Answering a question today, submitted via email from Aaron in Alexandria. “My brother asked me the other day if the belief in the resurrection of Jesus is a mandatory essential for salvation. I wasn’t 100% on the answer so I told him I wasn’t sure but that it was definitely the quintessential proof that Jesus was the truth. I know Paul teaches you must believe in the resurrection, but the thief on the cross obviously was not aware of it.”

First, belief in the deity of Christ is required to affirm Christianity — in fact, it is arguably the defining belief of Christianity. Believing in the existence of Christ but denying his deity places you in the same camp as the Jews and Muslims. Similarly, believing in the deity of Christ but denying his resurrection presents at the very least a consistency problem. It seems to me that the step from existence to resurrection is a smaller step than from existence to deity, and the resurrection is the primary way in which Christ demonstrated/proved His deity.

Second, we have to understand what the resurrection accomplished. It gets back to the basic gospel message — we are sinners in need of salvation, and we are unable to save ourselves. We are completely reliant on someone (or something) else, and for the Christian it is complete reliance on Christ for our salvation. The effectual means of that salvation is the resurrection. The penalty for our sin is death, and to be reconciled with a perfectly just God, that penalty must be paid. Christ paid the penalty. He was crucified to pay the penalty for our sins, but it was his resurrection that provided the justification — that is, the resurrection is how we are seen good before God. If you don’t believe the resurrection occurred, then how are you justified before God? See Romans 4:24 – 25: “…God will credit righteousness—for us who believe in him who raised Jesus our Lord from the dead. He was delivered over to death for our sins and was raised to life for our justification.” It was the resurrection that provided the justification.

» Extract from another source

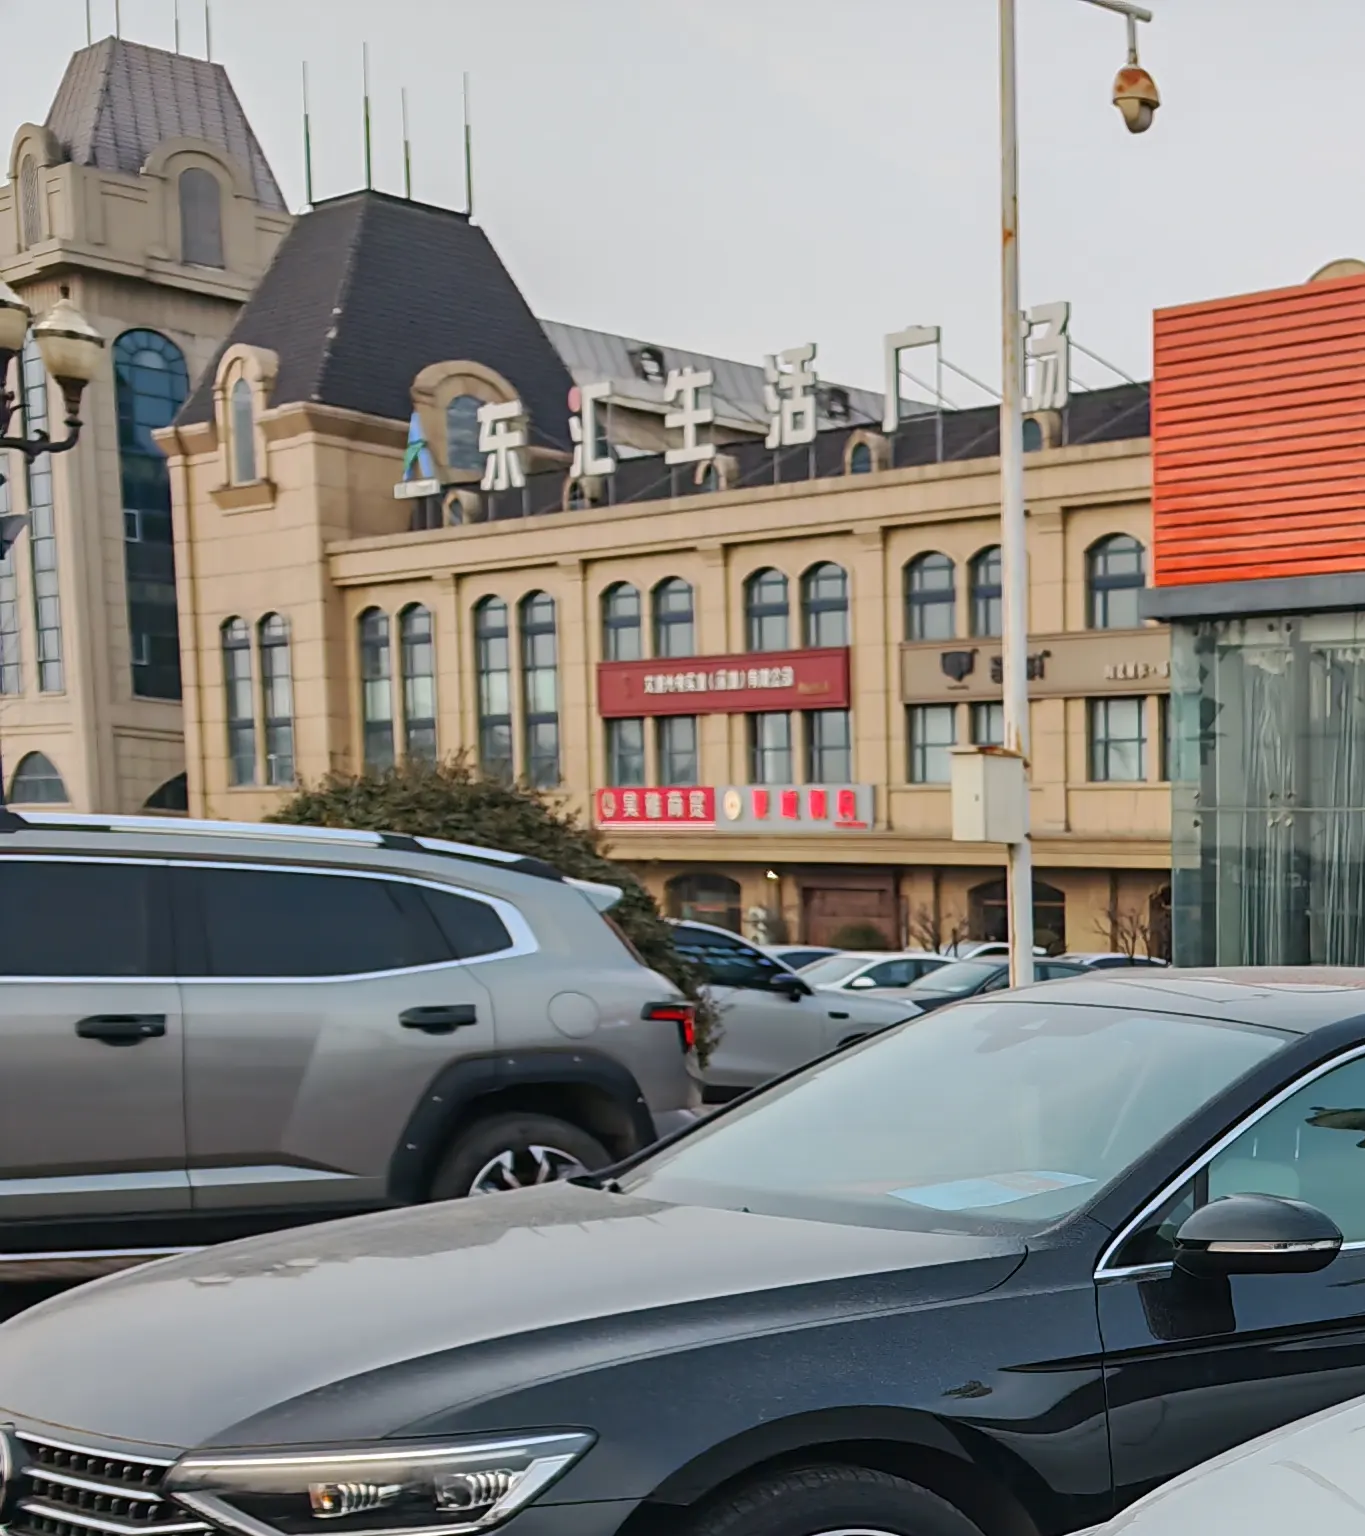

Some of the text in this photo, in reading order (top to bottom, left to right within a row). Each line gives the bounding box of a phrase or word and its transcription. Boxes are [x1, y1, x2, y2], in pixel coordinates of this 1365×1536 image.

[477, 301, 1071, 492] 东汇生活广场
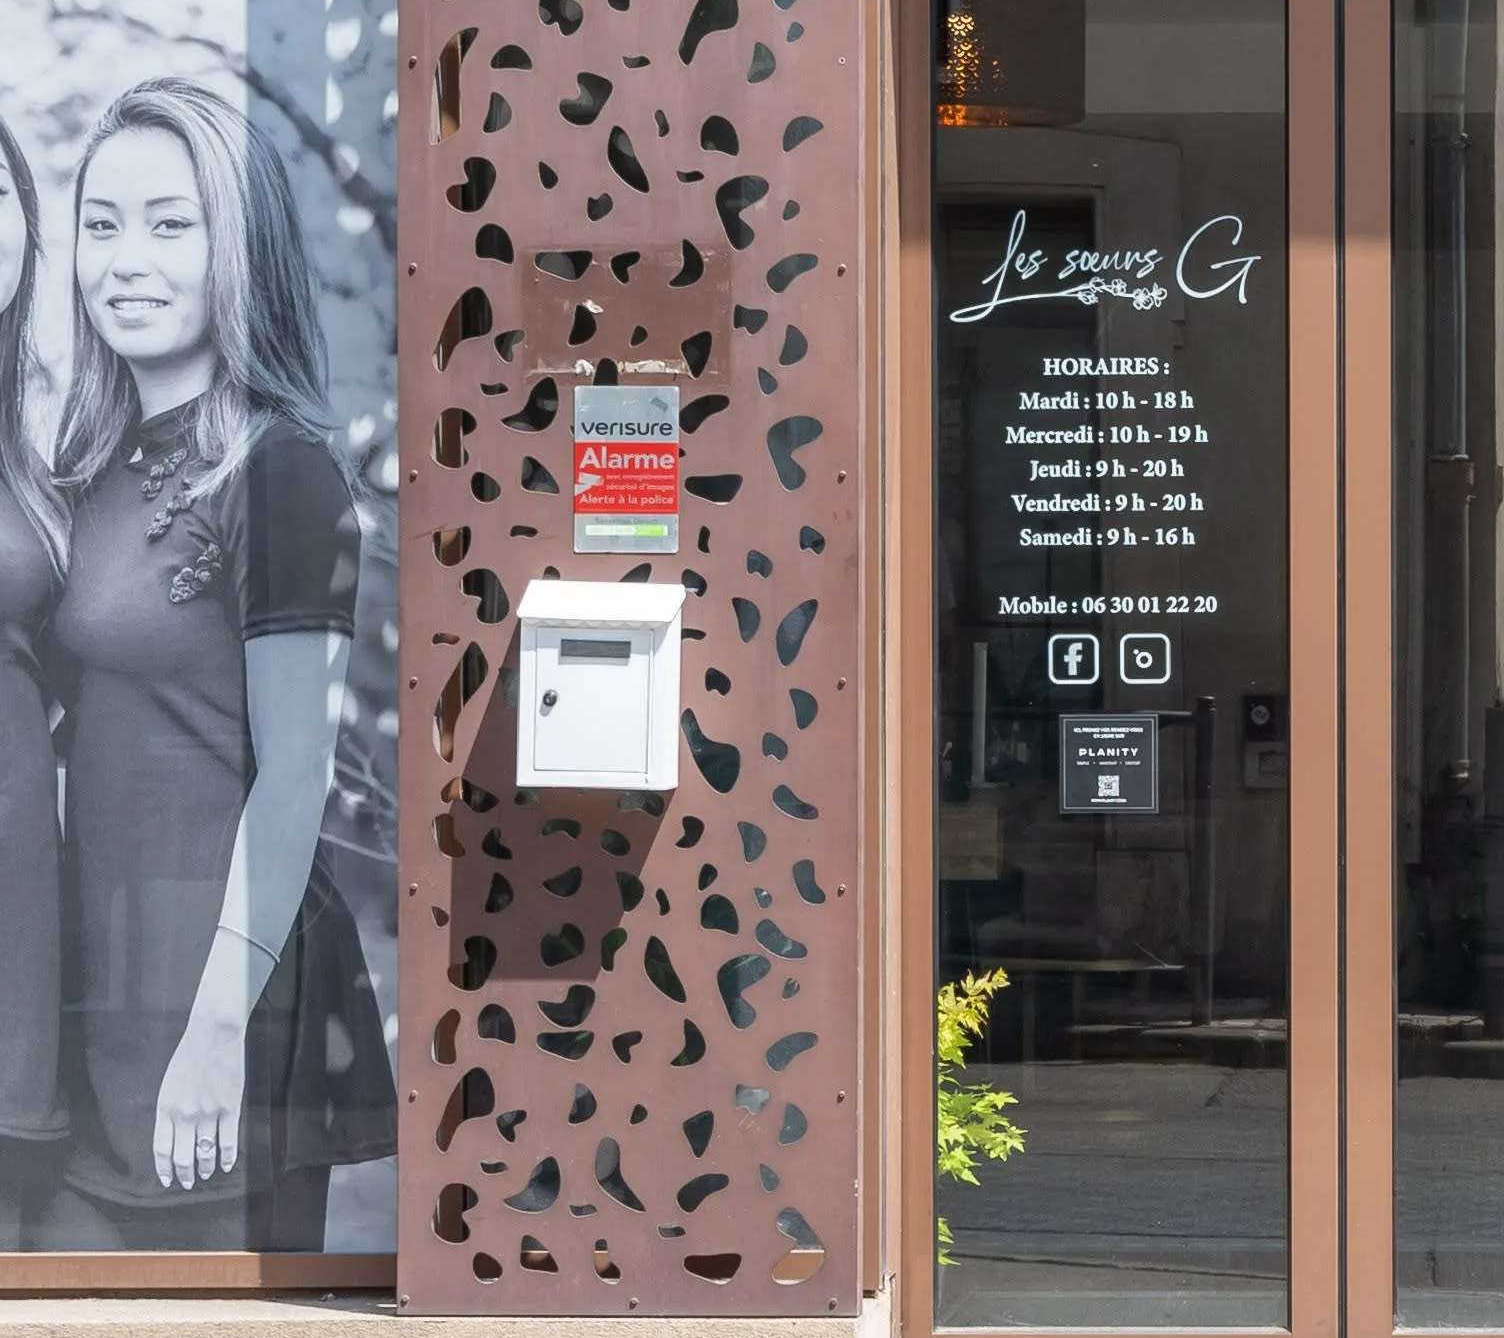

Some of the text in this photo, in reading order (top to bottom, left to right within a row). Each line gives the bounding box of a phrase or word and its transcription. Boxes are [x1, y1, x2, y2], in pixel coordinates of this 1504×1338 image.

The point is made even more strongly a few chapters later, in Romans 10. When discussing the disbelief of the Jews, in verse 9 Paul very clearly lays out what is necessary for salvation: “If you declare with your mouth, “Jesus is Lord,” and believe in your heart that God raised him from the dead, you will be saved.” However, Paul seals the deal, firmly and unequivocally, in his letter to the Corinthians. In the earliest known creed of Christendom, the Apostles’ Creed in 1 Cor 15, Paul passes on to us that which he received of “first importance” — that Christ died, was buried, was raised, and appeared. This all-important Creed is followed by almost an entire chapter on the resurrection, where we are told very specifically, “If there is no resurrection of the dead, then not even Christ has been raised. And if Christ has not been raised, our preaching is useless and so is your faith.” A Christian faith devoid of the resurrection is simply not a Christian faith.

In short, denying the resurrection comes very close to denying the deity of Christ, it denies the means of our justification, it denies the earliest Creed of the church, and it likely denies our resurrection (and thereby salvation) as well. It doesn’t get any more essential than that.